(Exercise requirements) Return the entries below word for word. No picture belongs in the copy.
BEGIN Given data
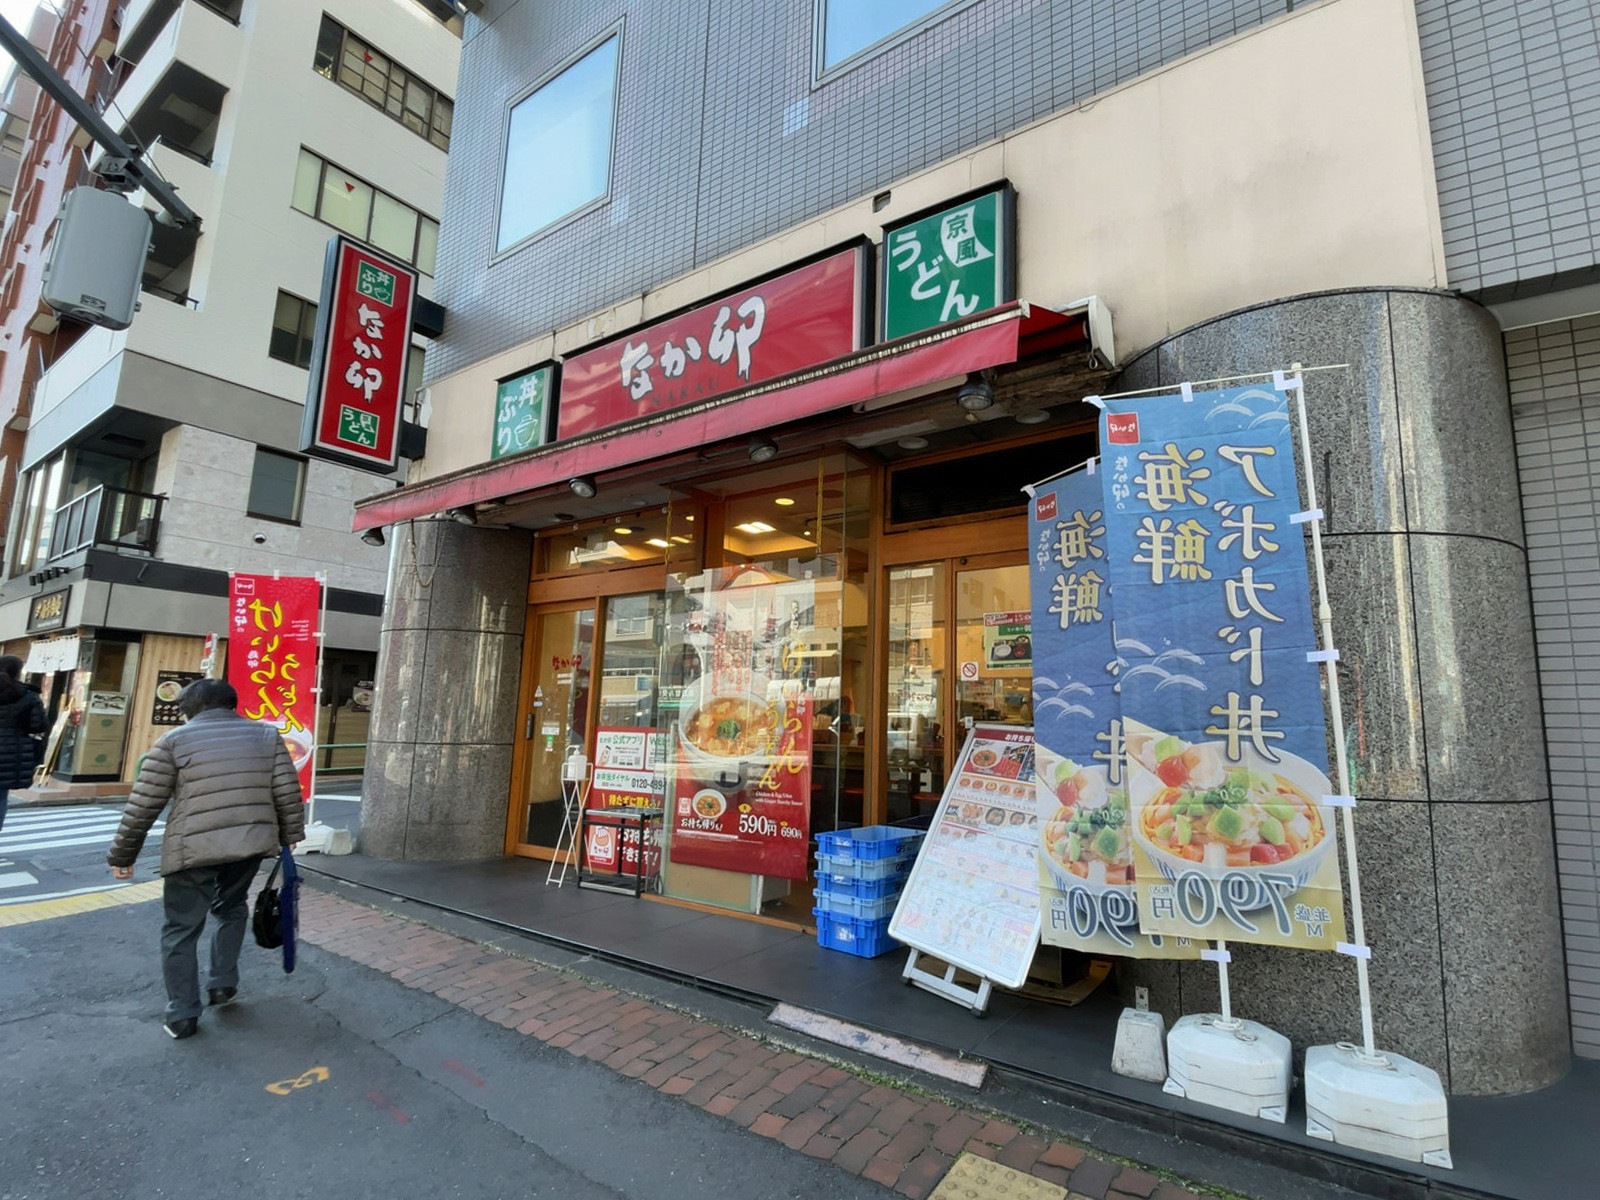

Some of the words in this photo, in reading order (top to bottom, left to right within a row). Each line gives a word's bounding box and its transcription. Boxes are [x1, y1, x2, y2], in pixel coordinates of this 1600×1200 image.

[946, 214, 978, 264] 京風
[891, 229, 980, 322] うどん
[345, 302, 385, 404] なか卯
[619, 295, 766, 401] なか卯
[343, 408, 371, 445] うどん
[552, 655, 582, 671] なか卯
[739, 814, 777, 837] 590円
END Given data
(Result)
Some of the words in this photo, in reading order (top to bottom, left to right within a row). Each line gives a word's bounding box and its transcription. Boxes are [x1, y1, x2, y2], in pixel coordinates of this 1600×1200 image.

[946, 214, 978, 264] 京風
[891, 229, 980, 322] うどん
[345, 302, 385, 404] なか卯
[619, 295, 766, 401] なか卯
[343, 408, 371, 445] うどん
[552, 655, 582, 671] なか卯
[739, 814, 777, 837] 590円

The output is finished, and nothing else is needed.